(Dataset excerpts Opens)

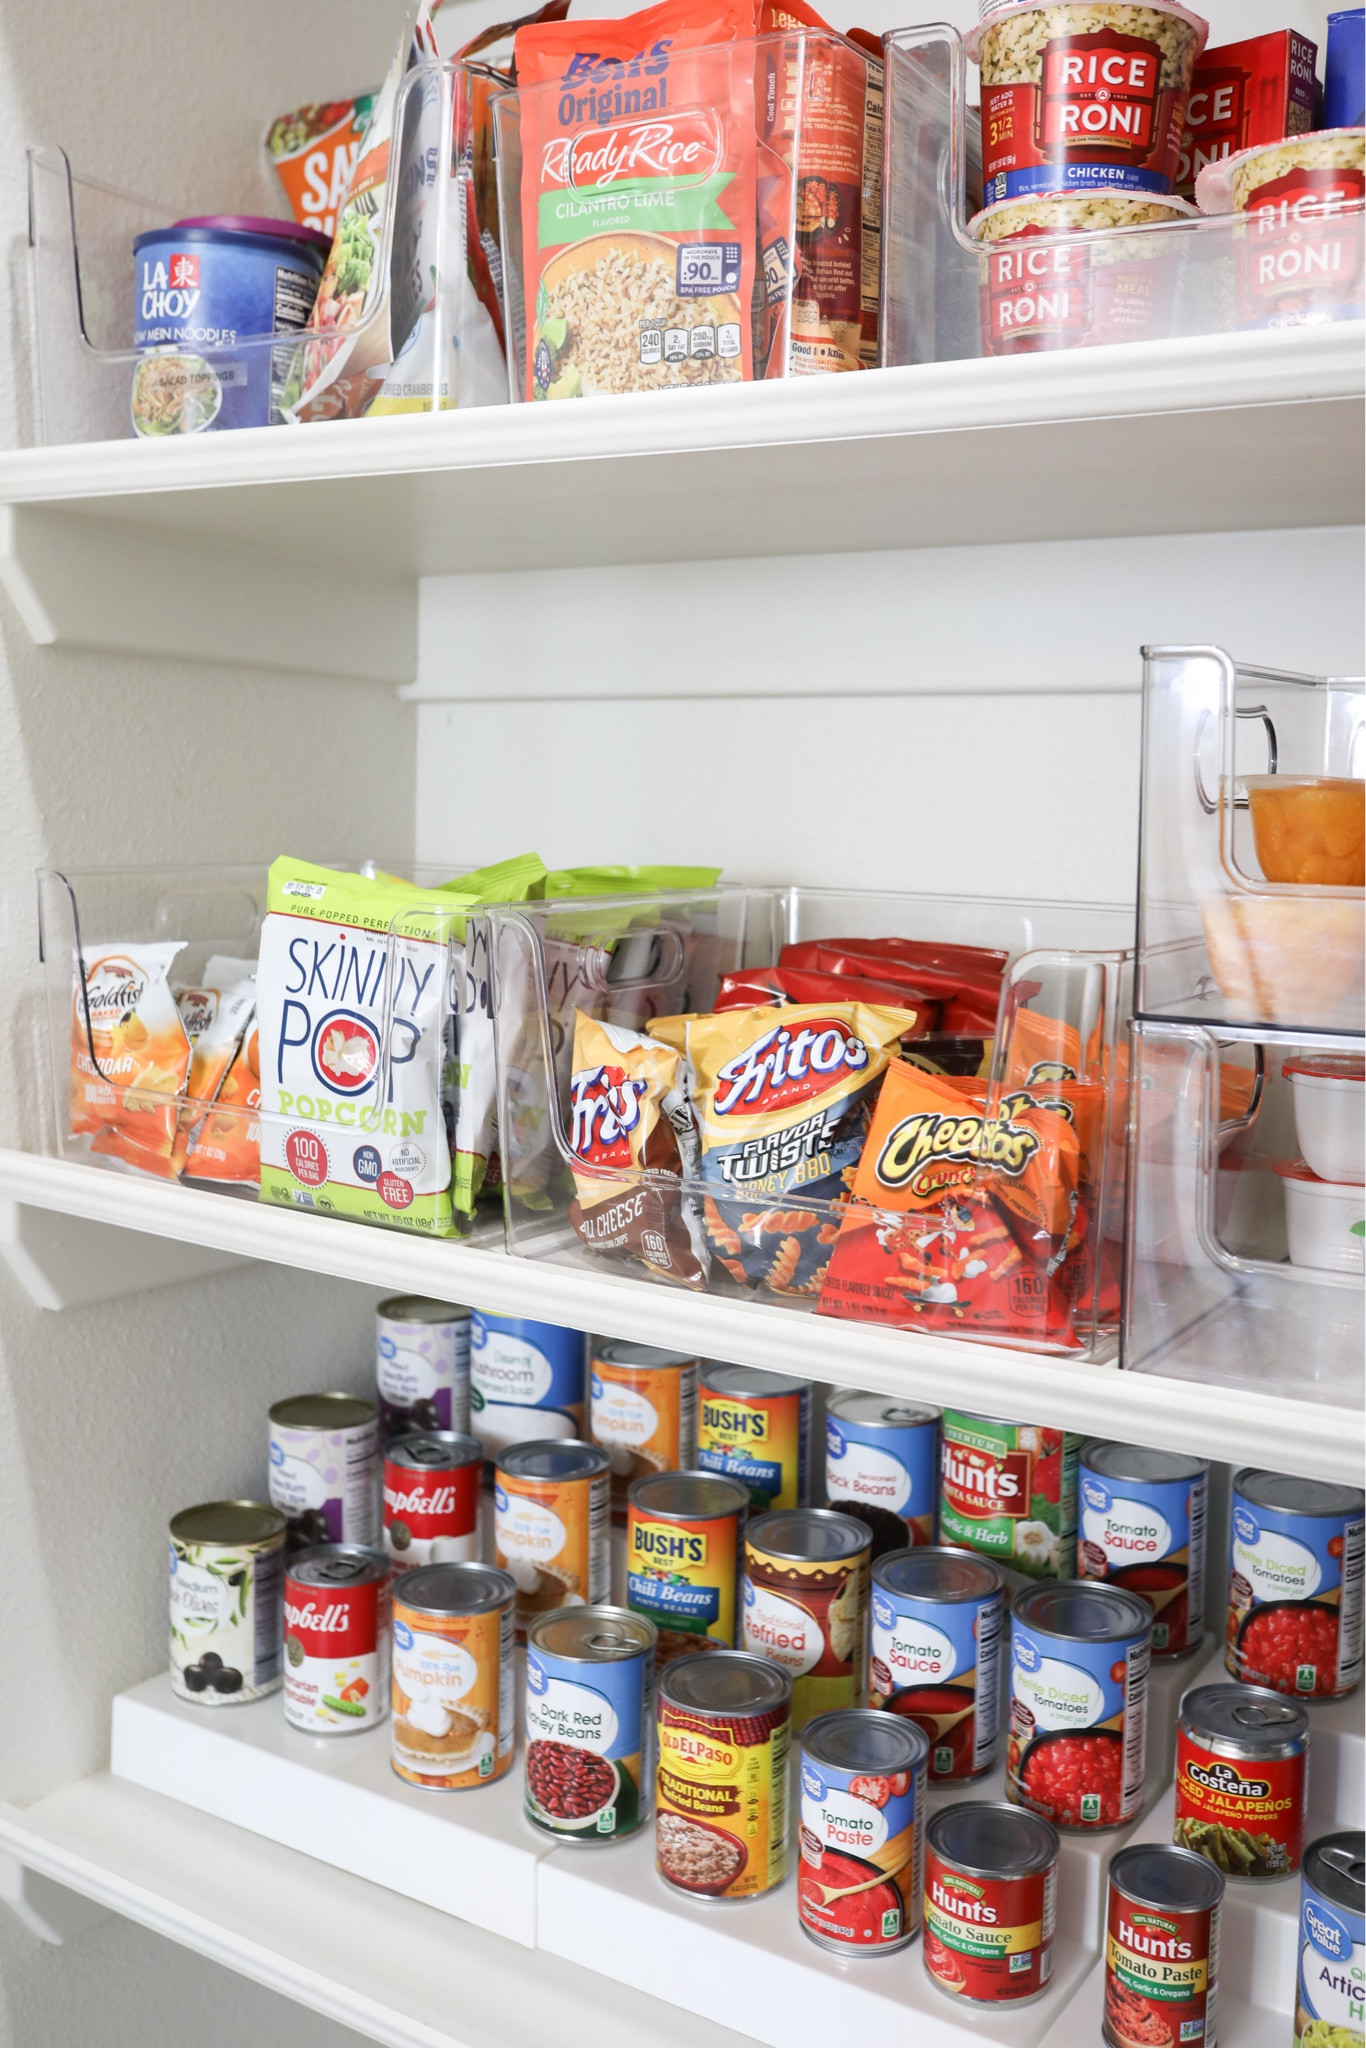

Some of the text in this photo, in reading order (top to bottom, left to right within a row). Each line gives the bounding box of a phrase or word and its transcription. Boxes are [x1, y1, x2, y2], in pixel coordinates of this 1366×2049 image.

[1291, 38, 1313, 64] RICE
[1062, 55, 1148, 88] RICE
[1290, 59, 1313, 84] RONI
[558, 78, 667, 126] Original
[766, 72, 776, 123] Cool Touch
[1000, 90, 1014, 101] ADD
[1295, 87, 1306, 97] BEEF
[990, 101, 1008, 113] WATER
[1184, 86, 1234, 126] CE
[1059, 103, 1142, 135] RONI
[998, 129, 1014, 142] MIN
[1067, 167, 1125, 180] CHICKEN
[1079, 179, 1124, 189] broth and herbs
[556, 191, 676, 220] CILANTRO LIME
[1258, 190, 1345, 235] RICE
[592, 215, 631, 229] FLAVORED
[172, 256, 199, 288] 東
[999, 246, 1072, 283] RICE
[1259, 241, 1342, 285] RONI
[143, 260, 168, 291] LA
[680, 284, 737, 294] BPA FREE POUCH
[1116, 282, 1151, 296] MEAL
[142, 288, 201, 321] CHOY
[1000, 291, 1070, 328] RONI
[147, 327, 238, 345] MEIN NOODLES
[642, 333, 660, 348] 240
[791, 342, 812, 355] Good
[159, 370, 235, 388] SALAD TOPPINGS
[290, 904, 315, 916] PURE
[319, 908, 359, 924] POPPED
[285, 932, 436, 1016] SKINNY
[277, 998, 422, 1103] POP
[713, 1024, 869, 1116] Fritos
[761, 1083, 811, 1105] BRAND
[277, 1089, 428, 1138] POPCORN
[742, 1111, 827, 1159] FLAVOR
[294, 1136, 319, 1161] 100
[362, 1150, 374, 1161] NON
[400, 1148, 410, 1157] NO
[717, 1118, 843, 1183] TWISTS
[876, 1113, 1039, 1186] Cheetos
[295, 1157, 320, 1173] CALORIES
[357, 1157, 378, 1178] GMO
[391, 1156, 422, 1166] ARTIFICIAL
[792, 1152, 832, 1185] BBQ
[298, 1166, 320, 1182] PER BAG
[383, 1177, 405, 1190] GLUTEN
[382, 1185, 411, 1204] FREE
[363, 1209, 436, 1231] NET WT OZ (18g)
[597, 1191, 648, 1238] CHEESE
[644, 1233, 663, 1252] 160
[1013, 1276, 1045, 1296] 160
[702, 1403, 766, 1438] BUSH'S
[718, 1431, 738, 1442] BEST
[946, 1429, 997, 1452] PREMIUM
[725, 1457, 776, 1480] Beans
[852, 1479, 897, 1497] Beans
[965, 1493, 1007, 1513] SAUCE
[963, 1525, 1009, 1546] & Herb
[1105, 1519, 1158, 1538] Tomato
[634, 1525, 704, 1563] BUSH'S
[1103, 1530, 1158, 1553] Sauce
[652, 1556, 675, 1567] BEST
[1265, 1559, 1307, 1577] Diced
[1251, 1564, 1306, 1587] Tomatoes
[628, 1575, 714, 1606] Chili Beans
[662, 1603, 699, 1614] BEANS
[765, 1646, 805, 1668] Beans
[890, 1636, 943, 1659] Tomato
[395, 1656, 463, 1689] Pumpkin
[419, 1658, 440, 1671] 100%
[888, 1648, 942, 1675] Sauce
[1017, 1673, 1090, 1705] Petite Diced
[540, 1702, 603, 1728] Dark Red
[1032, 1692, 1089, 1715] Tomatoes
[557, 1721, 602, 1741] Beans
[1189, 1764, 1263, 1797] Costeña
[1215, 1765, 1233, 1780] La
[660, 1767, 734, 1803] TRADITIONAL
[663, 1786, 726, 1815] Refried Beans
[1202, 1802, 1243, 1820] JALAPEÑO
[1243, 1813, 1279, 1821] PEPPERS
[1207, 1793, 1293, 1814] JALAPEÑOS
[820, 1807, 874, 1831] Tomato
[826, 1823, 874, 1847] Paste
[955, 1880, 982, 1897] NATURAL
[1132, 1914, 1177, 1933] 100% NATURAL
[1305, 1906, 1342, 1947] Great
[942, 1932, 1000, 1956] Garlic & Oregano
[965, 1926, 1013, 1945] Sauce
[1310, 1926, 1342, 1956] Value
[1109, 1939, 1204, 1982] Tomato Paste
[1117, 1970, 1191, 1998] Basil, Garlic & Oregano

(Dataset excerpts Closes)

■ Brief
Report the number of lines above containing the word "Paste", with no other text.

■ Task output
2